**Exercise details:** The whole listing, except its pictures, is to be repeated exactly.

[[ Given data, beginning ]]

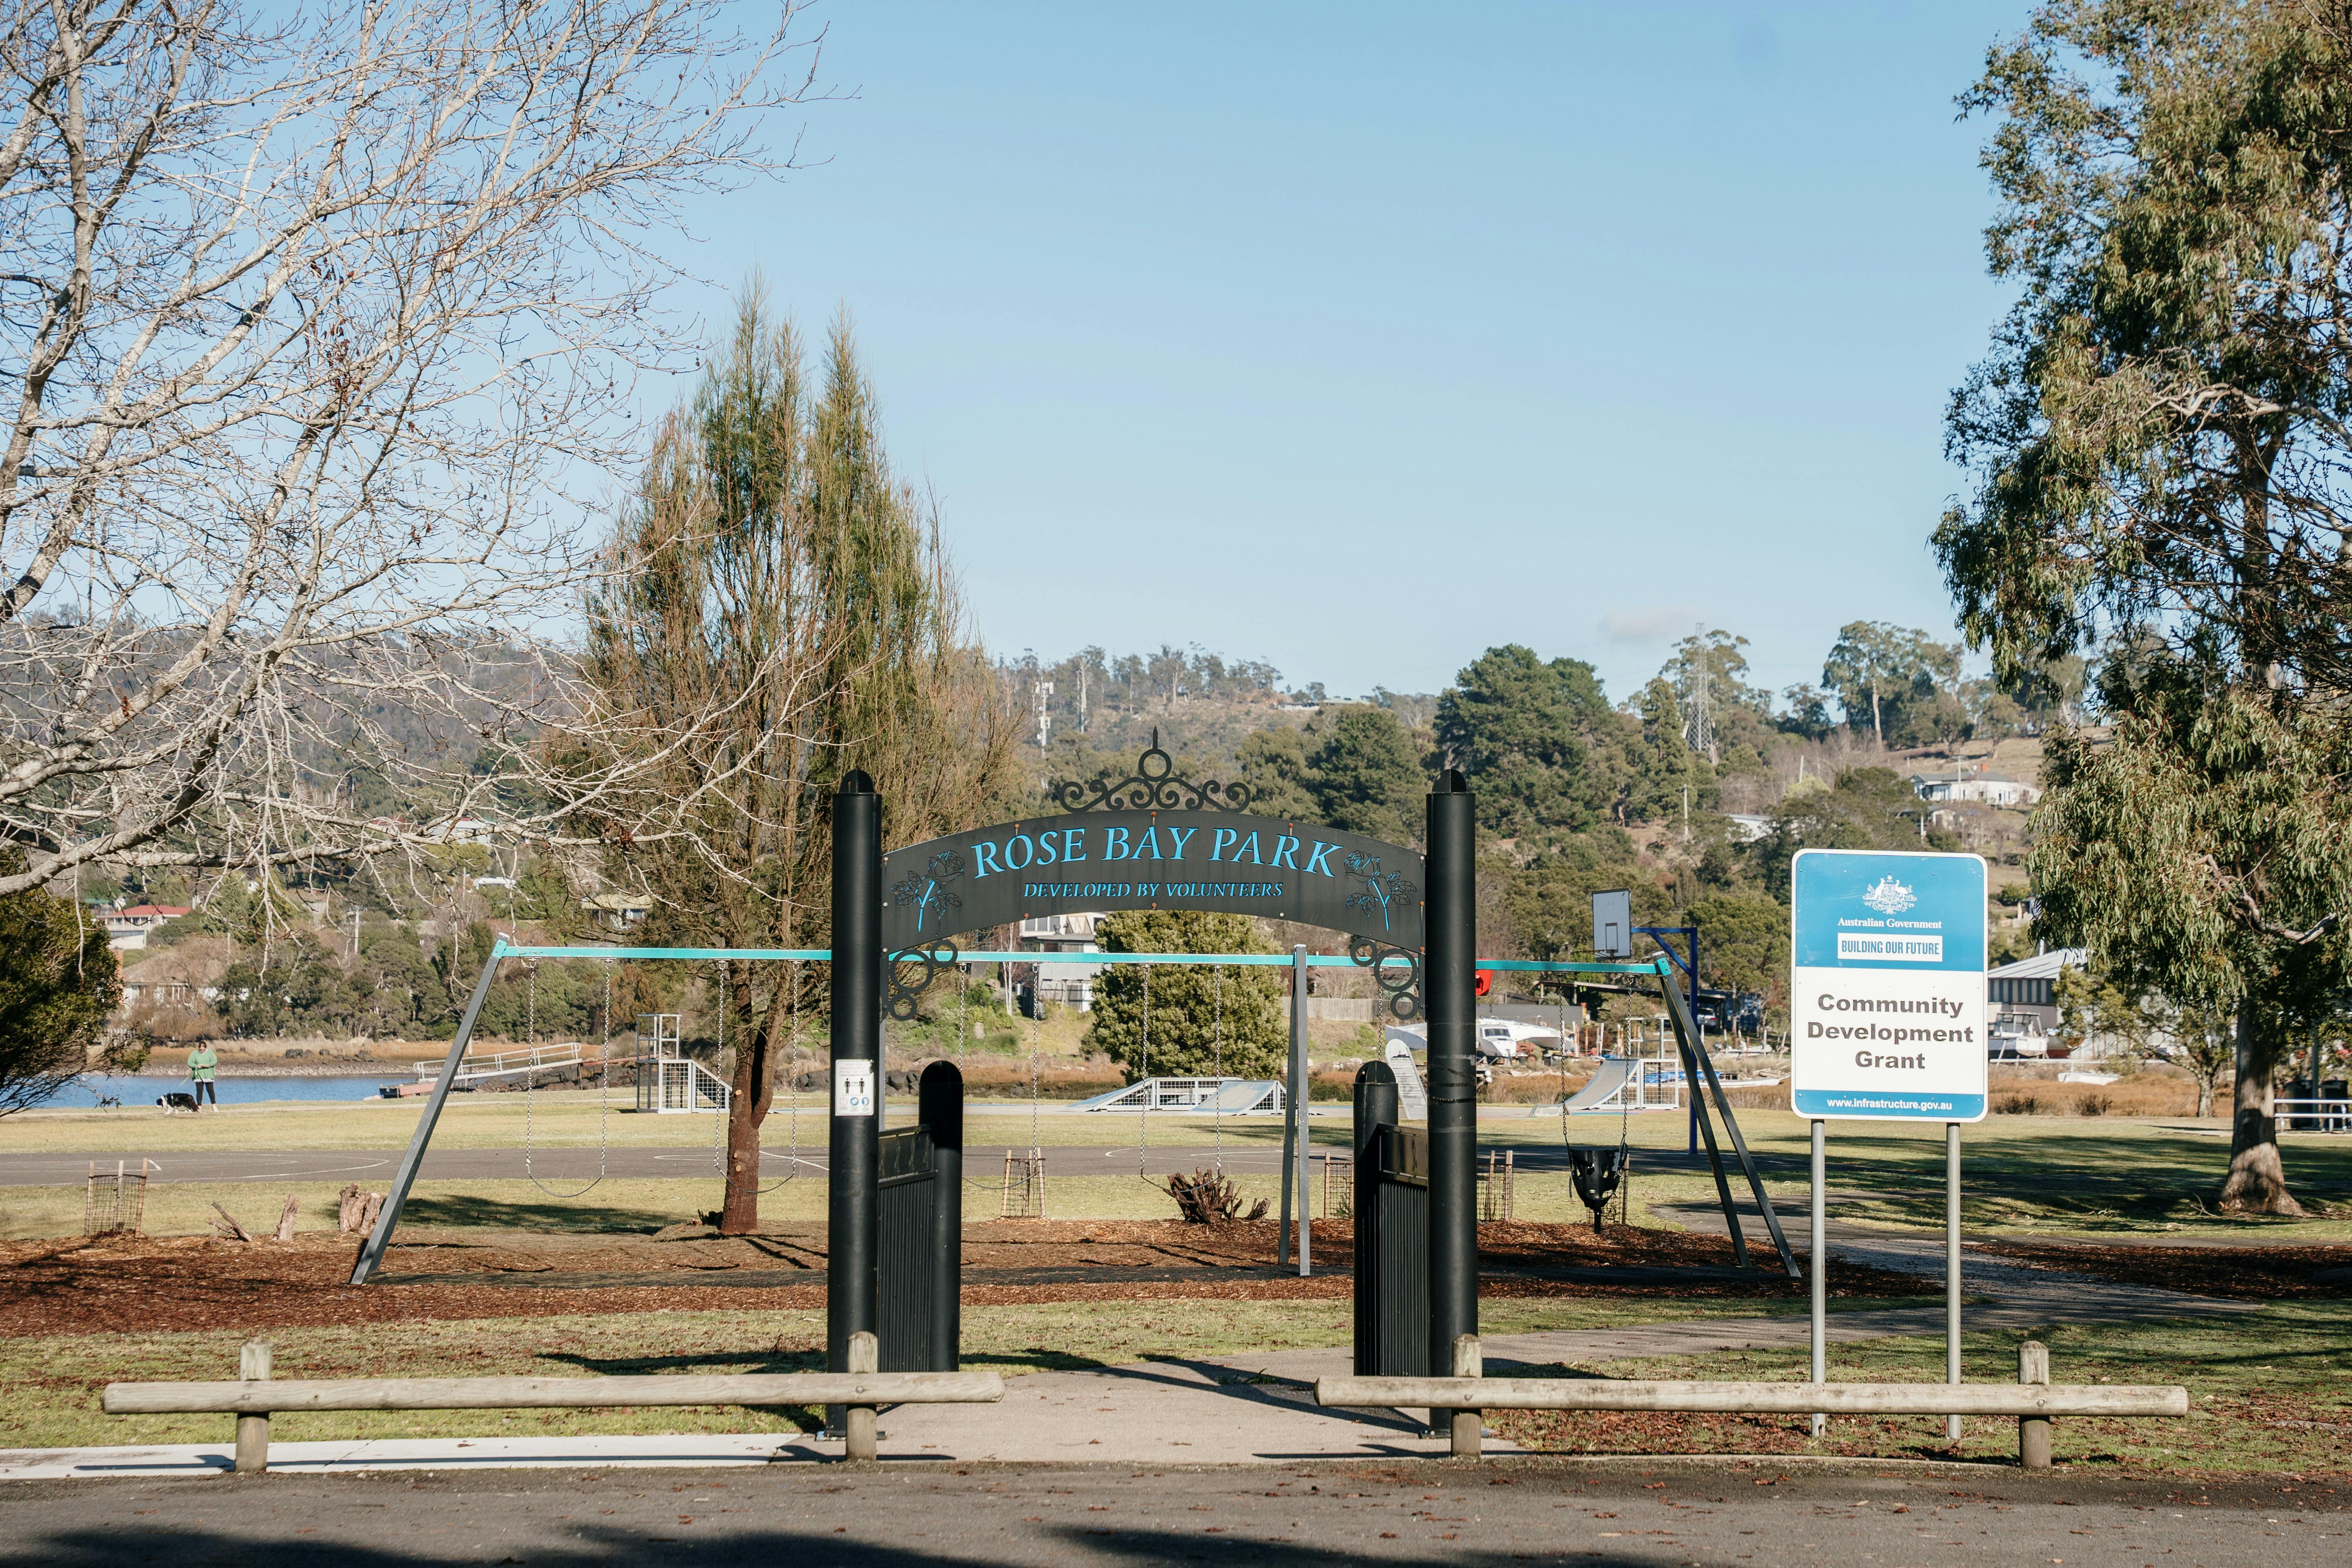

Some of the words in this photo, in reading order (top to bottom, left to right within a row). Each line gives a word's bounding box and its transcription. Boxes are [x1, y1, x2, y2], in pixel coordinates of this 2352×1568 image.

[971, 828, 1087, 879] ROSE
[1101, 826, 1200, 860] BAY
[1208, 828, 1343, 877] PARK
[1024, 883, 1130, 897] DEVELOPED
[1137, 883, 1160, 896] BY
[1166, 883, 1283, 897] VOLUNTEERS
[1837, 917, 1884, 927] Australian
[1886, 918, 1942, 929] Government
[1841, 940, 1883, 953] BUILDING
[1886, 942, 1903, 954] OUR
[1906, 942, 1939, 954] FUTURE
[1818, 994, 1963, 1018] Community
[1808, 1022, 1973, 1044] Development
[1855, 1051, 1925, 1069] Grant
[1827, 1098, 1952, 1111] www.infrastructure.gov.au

[[ Given data, end ]]

**Solution for this exercise:**
Some of the words in this photo, in reading order (top to bottom, left to right within a row). Each line gives a word's bounding box and its transcription. Boxes are [x1, y1, x2, y2], in pixel coordinates of this 2352×1568 image.

[971, 828, 1087, 879] ROSE
[1101, 826, 1200, 860] BAY
[1208, 828, 1343, 877] PARK
[1024, 883, 1130, 897] DEVELOPED
[1137, 883, 1160, 896] BY
[1166, 883, 1283, 897] VOLUNTEERS
[1837, 917, 1884, 927] Australian
[1886, 918, 1942, 929] Government
[1841, 940, 1883, 953] BUILDING
[1886, 942, 1903, 954] OUR
[1906, 942, 1939, 954] FUTURE
[1818, 994, 1963, 1018] Community
[1808, 1022, 1973, 1044] Development
[1855, 1051, 1925, 1069] Grant
[1827, 1098, 1952, 1111] www.infrastructure.gov.au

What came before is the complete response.